[Spatial localization data]
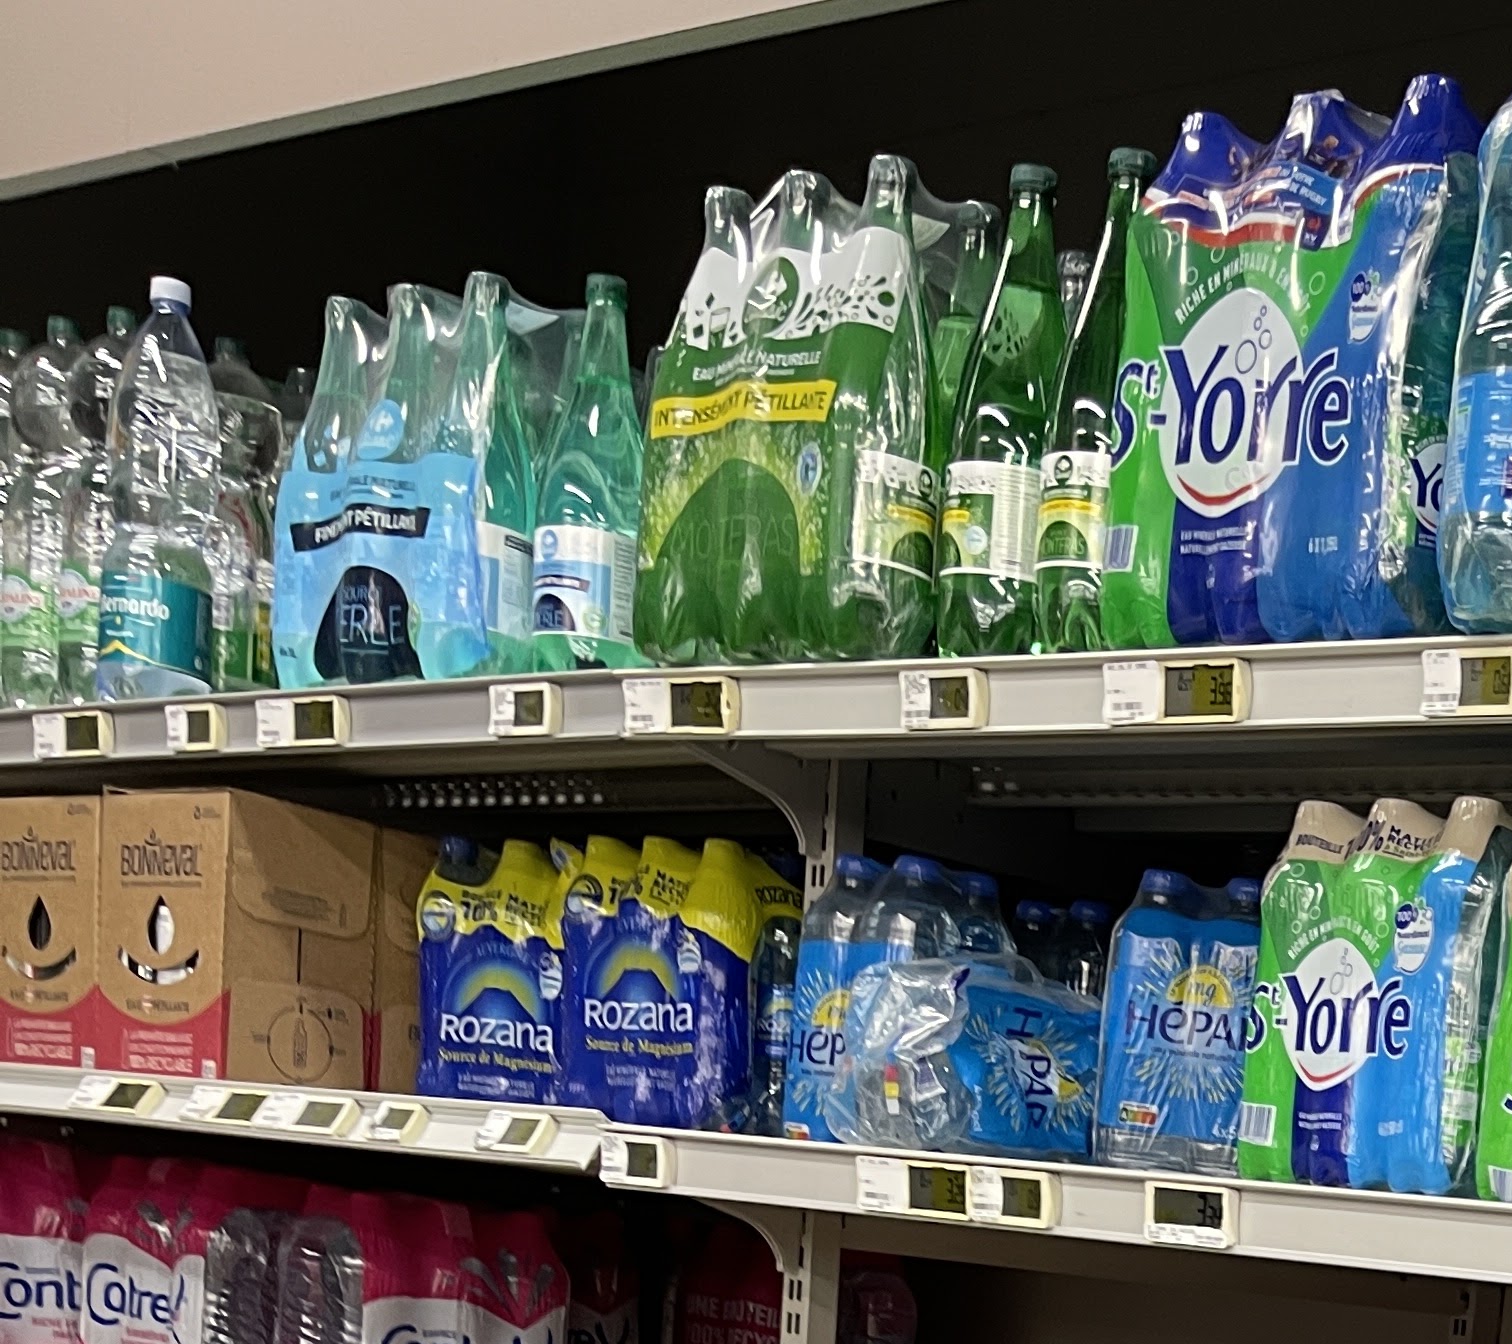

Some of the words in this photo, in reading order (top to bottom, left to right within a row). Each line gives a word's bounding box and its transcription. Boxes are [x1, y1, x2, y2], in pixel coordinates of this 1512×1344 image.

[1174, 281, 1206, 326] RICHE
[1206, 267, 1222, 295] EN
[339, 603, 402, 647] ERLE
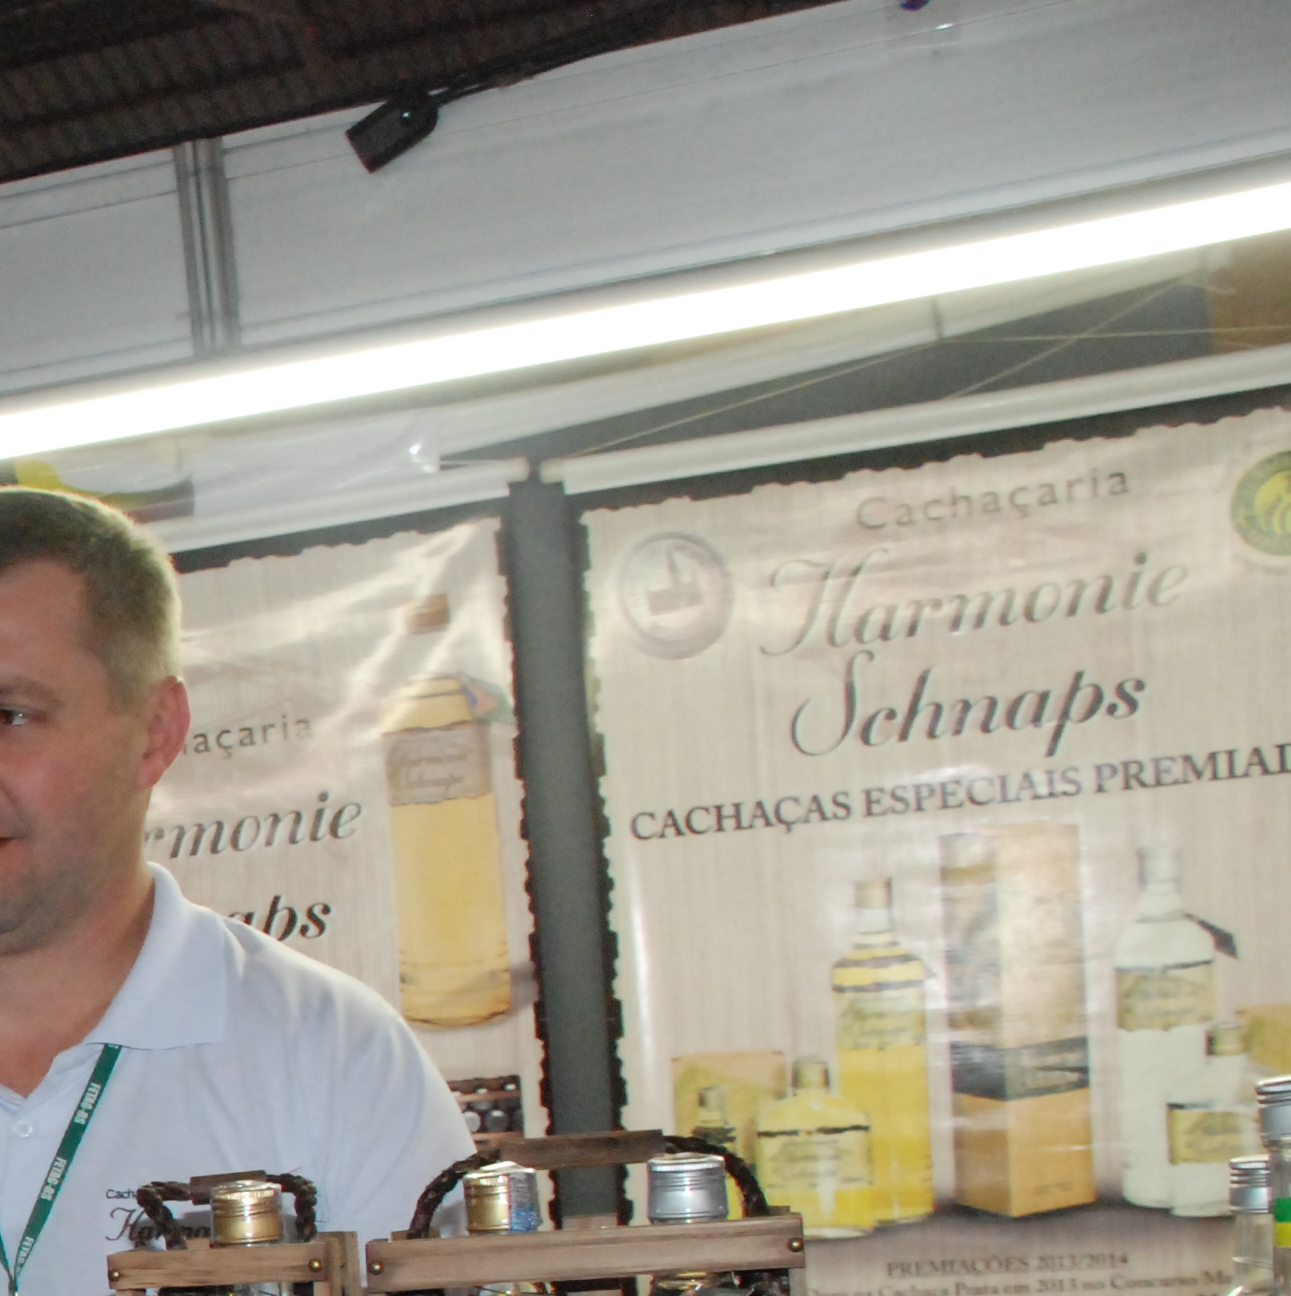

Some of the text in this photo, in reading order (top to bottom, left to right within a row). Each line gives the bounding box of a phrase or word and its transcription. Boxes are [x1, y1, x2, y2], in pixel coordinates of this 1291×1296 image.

• [EXERCISE BRIEF]: Return the records exactly as they stand, and drop every picture.

• [RESULT BELOW]:
Some of the words in this photo, in reading order (top to bottom, left to right within a row). Each line gives a word's bounding box and its transcription. Boxes are [x1, y1, x2, y2], in pixel coordinates of this 1512×1344 image.

[1174, 281, 1206, 326] RICHE
[1206, 267, 1222, 295] EN
[339, 603, 402, 647] ERLE

Some of the text in this photo, in reading order (top to bottom, left to right within a row). Each line gives the bounding box of a phrase or word and its transcription. Boxes are [x1, y1, x2, y2], in pixel coordinates of this 1291×1296 image.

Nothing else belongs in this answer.